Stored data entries
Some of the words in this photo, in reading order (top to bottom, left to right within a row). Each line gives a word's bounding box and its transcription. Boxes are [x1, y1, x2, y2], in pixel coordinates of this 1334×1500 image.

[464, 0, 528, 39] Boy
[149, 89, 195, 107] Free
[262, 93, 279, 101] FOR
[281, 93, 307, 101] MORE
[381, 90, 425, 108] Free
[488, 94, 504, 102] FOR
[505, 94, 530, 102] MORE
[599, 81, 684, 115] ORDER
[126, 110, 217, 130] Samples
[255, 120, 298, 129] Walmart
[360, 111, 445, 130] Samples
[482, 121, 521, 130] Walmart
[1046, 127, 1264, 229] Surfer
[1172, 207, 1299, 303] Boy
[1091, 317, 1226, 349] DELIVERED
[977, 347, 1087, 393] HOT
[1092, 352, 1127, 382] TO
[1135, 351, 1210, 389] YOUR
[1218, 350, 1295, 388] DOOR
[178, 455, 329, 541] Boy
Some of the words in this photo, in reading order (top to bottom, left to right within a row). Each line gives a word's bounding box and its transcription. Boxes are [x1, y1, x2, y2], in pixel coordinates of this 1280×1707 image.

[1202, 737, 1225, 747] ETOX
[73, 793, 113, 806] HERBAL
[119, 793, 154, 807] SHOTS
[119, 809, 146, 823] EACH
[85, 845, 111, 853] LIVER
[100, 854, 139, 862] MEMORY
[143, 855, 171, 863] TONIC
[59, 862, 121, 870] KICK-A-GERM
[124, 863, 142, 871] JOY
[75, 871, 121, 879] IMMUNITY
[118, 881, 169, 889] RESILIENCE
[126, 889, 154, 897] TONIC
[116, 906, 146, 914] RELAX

§ **Exercise description**: In full and without alteration, return every line above.

§ **Final answer**:
Some of the words in this photo, in reading order (top to bottom, left to right within a row). Each line gives a word's bounding box and its transcription. Boxes are [x1, y1, x2, y2], in pixel coordinates of this 1334×1500 image.

[464, 0, 528, 39] Boy
[149, 89, 195, 107] Free
[262, 93, 279, 101] FOR
[281, 93, 307, 101] MORE
[381, 90, 425, 108] Free
[488, 94, 504, 102] FOR
[505, 94, 530, 102] MORE
[599, 81, 684, 115] ORDER
[126, 110, 217, 130] Samples
[255, 120, 298, 129] Walmart
[360, 111, 445, 130] Samples
[482, 121, 521, 130] Walmart
[1046, 127, 1264, 229] Surfer
[1172, 207, 1299, 303] Boy
[1091, 317, 1226, 349] DELIVERED
[977, 347, 1087, 393] HOT
[1092, 352, 1127, 382] TO
[1135, 351, 1210, 389] YOUR
[1218, 350, 1295, 388] DOOR
[178, 455, 329, 541] Boy
Some of the words in this photo, in reading order (top to bottom, left to right within a row). Each line gives a word's bounding box and its transcription. Boxes are [x1, y1, x2, y2], in pixel coordinates of this 1280×1707 image.

[1202, 737, 1225, 747] ETOX
[73, 793, 113, 806] HERBAL
[119, 793, 154, 807] SHOTS
[119, 809, 146, 823] EACH
[85, 845, 111, 853] LIVER
[100, 854, 139, 862] MEMORY
[143, 855, 171, 863] TONIC
[59, 862, 121, 870] KICK-A-GERM
[124, 863, 142, 871] JOY
[75, 871, 121, 879] IMMUNITY
[118, 881, 169, 889] RESILIENCE
[126, 889, 154, 897] TONIC
[116, 906, 146, 914] RELAX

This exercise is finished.